The U.S. Supreme Court
will clarify the types of allegations that investors must include in their
complaint when they sue over securities registration statements filed with
federal regulators.
Last May, the Sixth
Circuit took the position in an opinion in Indiana
State District Council of Laborers and HOD Carriers Pension and Welfare Fund v.
Omnicare, Inc., 719 F.3d 498 (6th Cir. 2013) that §11 of the Securities and
Exchange Act of 1933 “provides for strict liability, and does not require a
plaintiff to plead a defendant’s state of mind.” Omnicare
at 503. Both the Second and the Ninth
Circuits had previously held that to state a §11 claim a plaintiff must assert
that the untrue statement in the Registration Statement was both “objectively
false and disbelieved by the defendant at the time it was expressed.” Fait v.
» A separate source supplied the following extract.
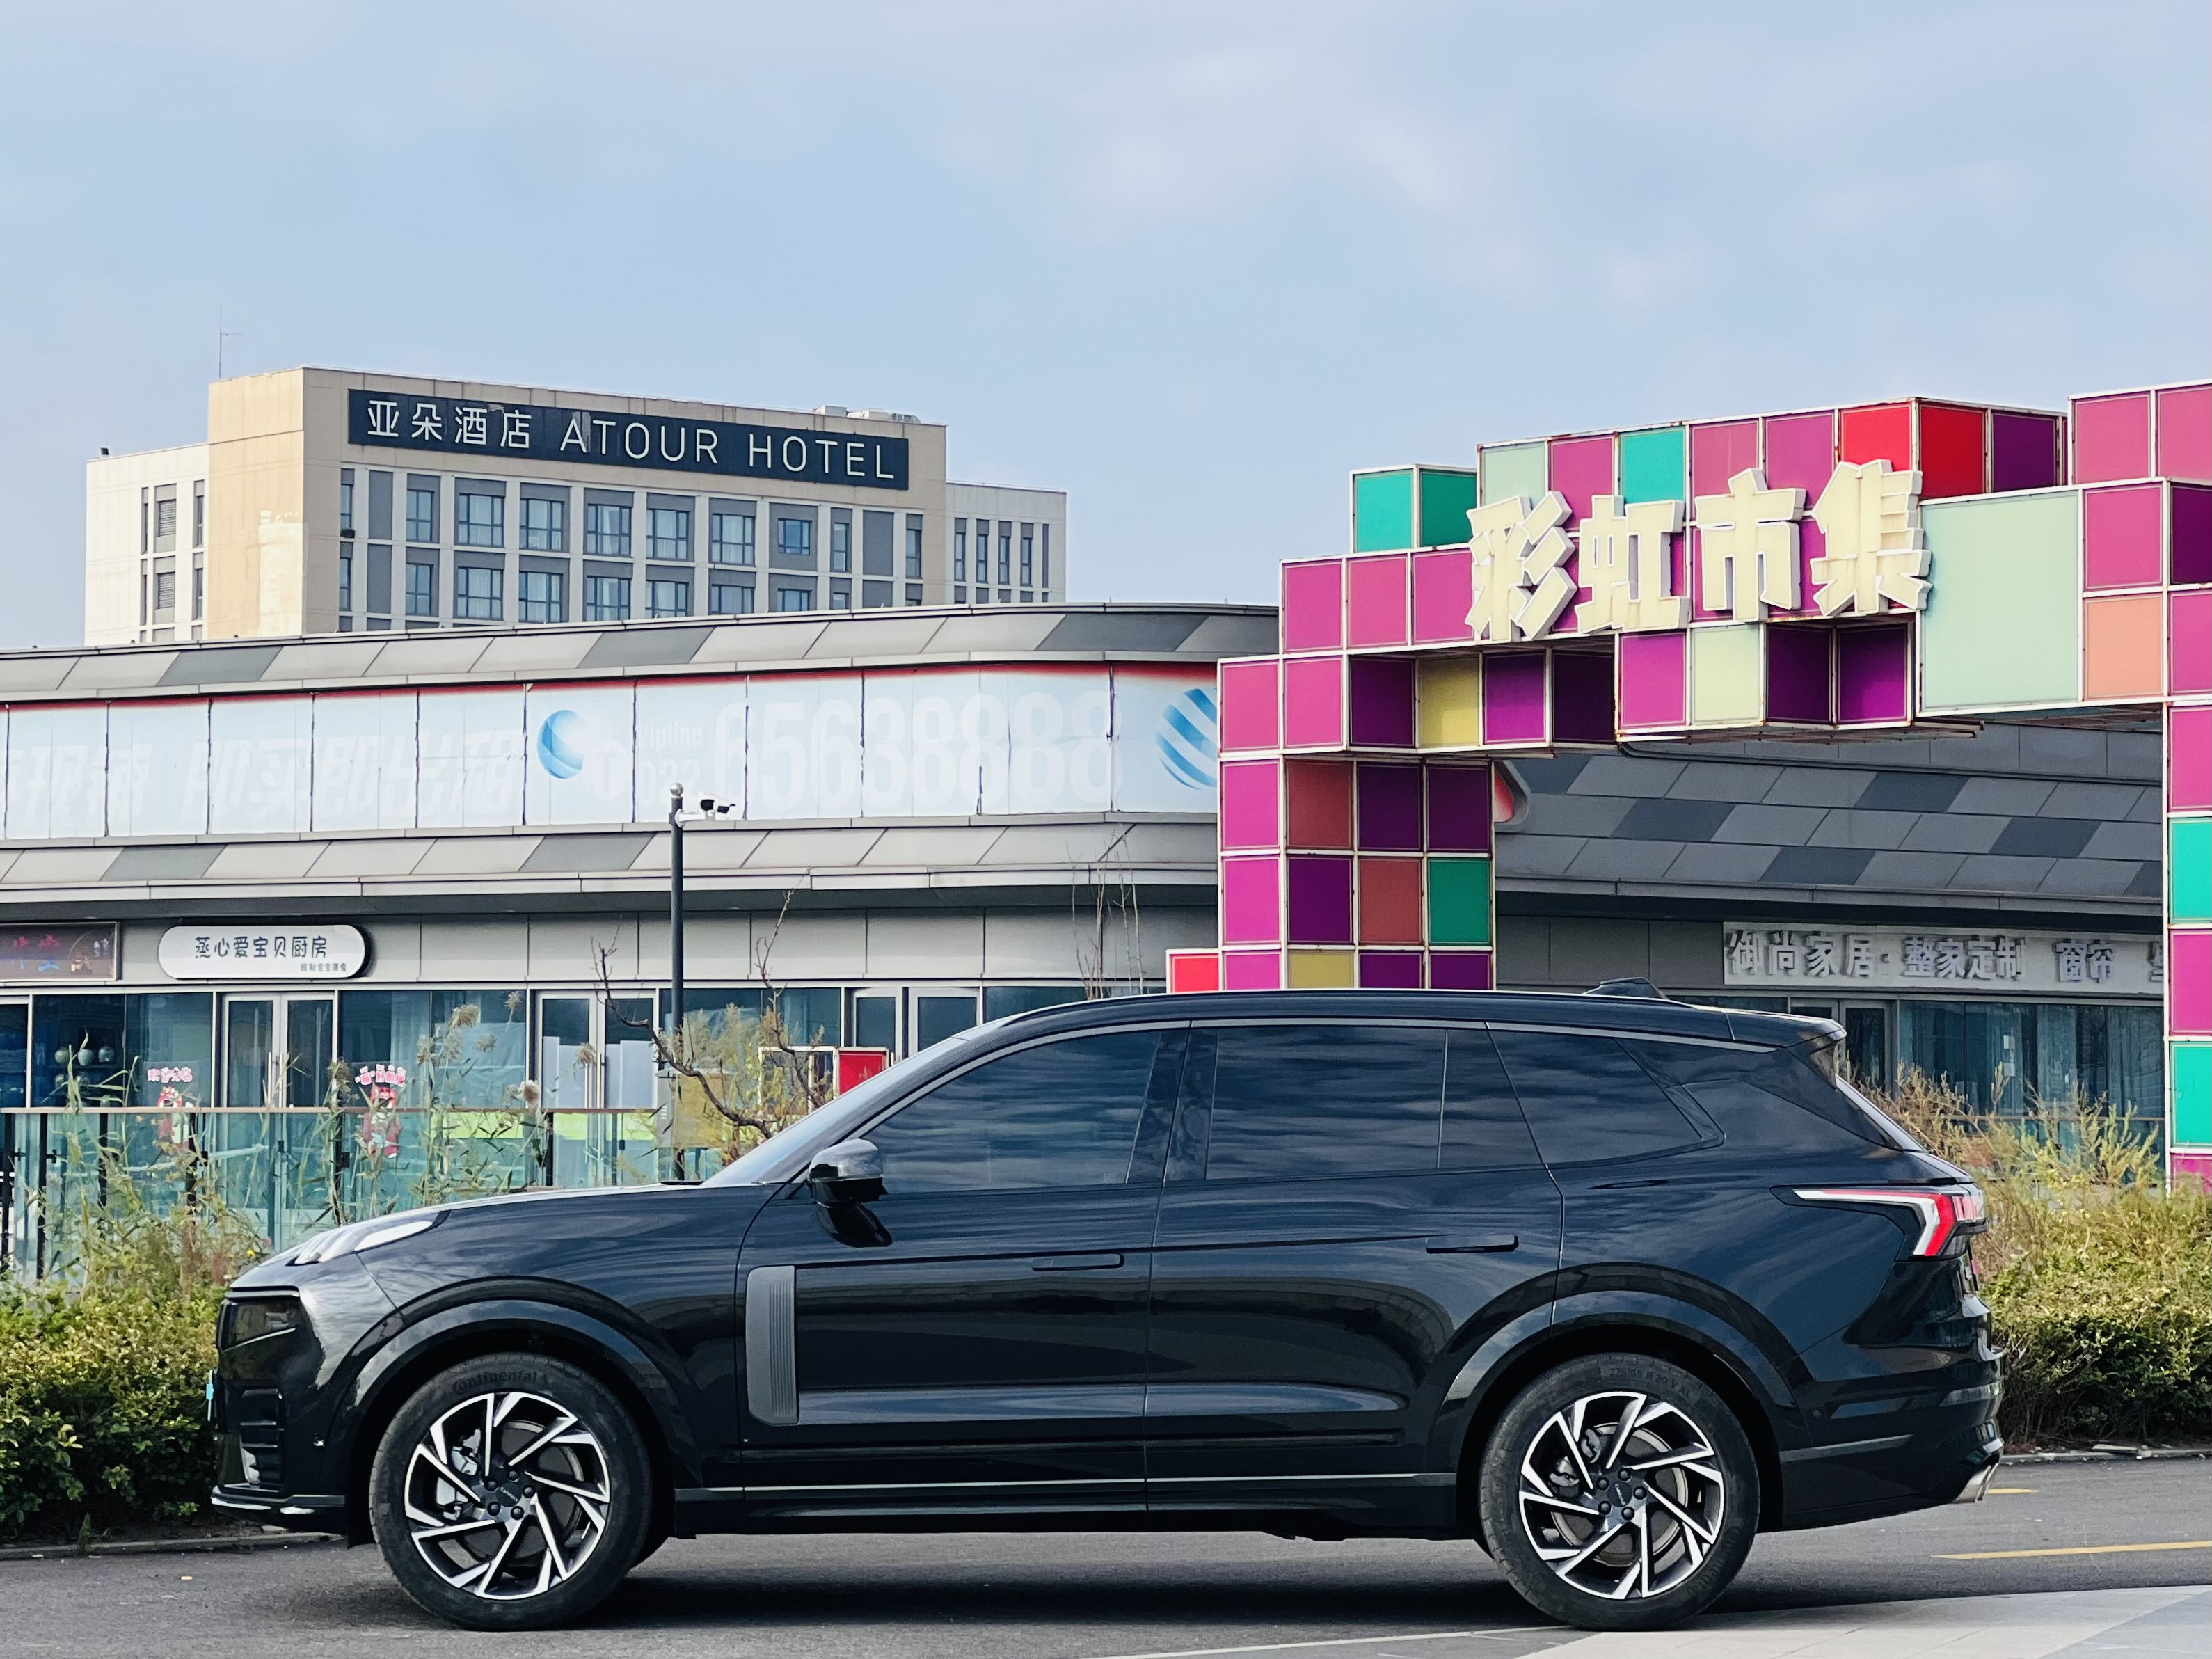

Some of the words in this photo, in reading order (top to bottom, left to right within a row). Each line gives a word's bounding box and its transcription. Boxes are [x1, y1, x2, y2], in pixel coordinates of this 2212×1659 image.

Regional Financial Corp., 655 F.3d 105, 110 (2d Cir. 2011); see also Rubke v. Capitol Bancorp Ltd., 551 F.3d 1156, 1162 (9th Cir. 2009). As such, the Sixth Circuit’s opinion created
a circuit split on whether a plaintiff must plead a defendant’s state of mind
to state a claim under §11.
The split originates
from differing interpretations of the Supreme Court’s opinion in Virginia Bankshares, Inc. v. Sandberg,
501 U.S. 1083 (1991). The Second and
Ninth Circuits have looked to that opinion as support for the requirement that
knowledge of falsity must be pled in §11 cases, whereas the Sixth Circuit took
the position that the language relied on by the Second and Ninth Circuits is
merely dicta and that Virginia Bankshares
related only to §14(a) claims under the Securities and Exchange Act of 1934. Omnicare
at 506-07. In light of their position,
the Sixth Circuit determined that Virginia
Bankshares was inapplicable to Omnicare
and declined to follow the Second and Ninth Circuit’s interpretations of Virginia Bankshares. Omnicare
at 506.
The new case is Omnicare v. Laborers District Council
Construction Industry Pension Fund, No. 13-435. The justices will consider the case during
the nine-month term beginning in October 2014.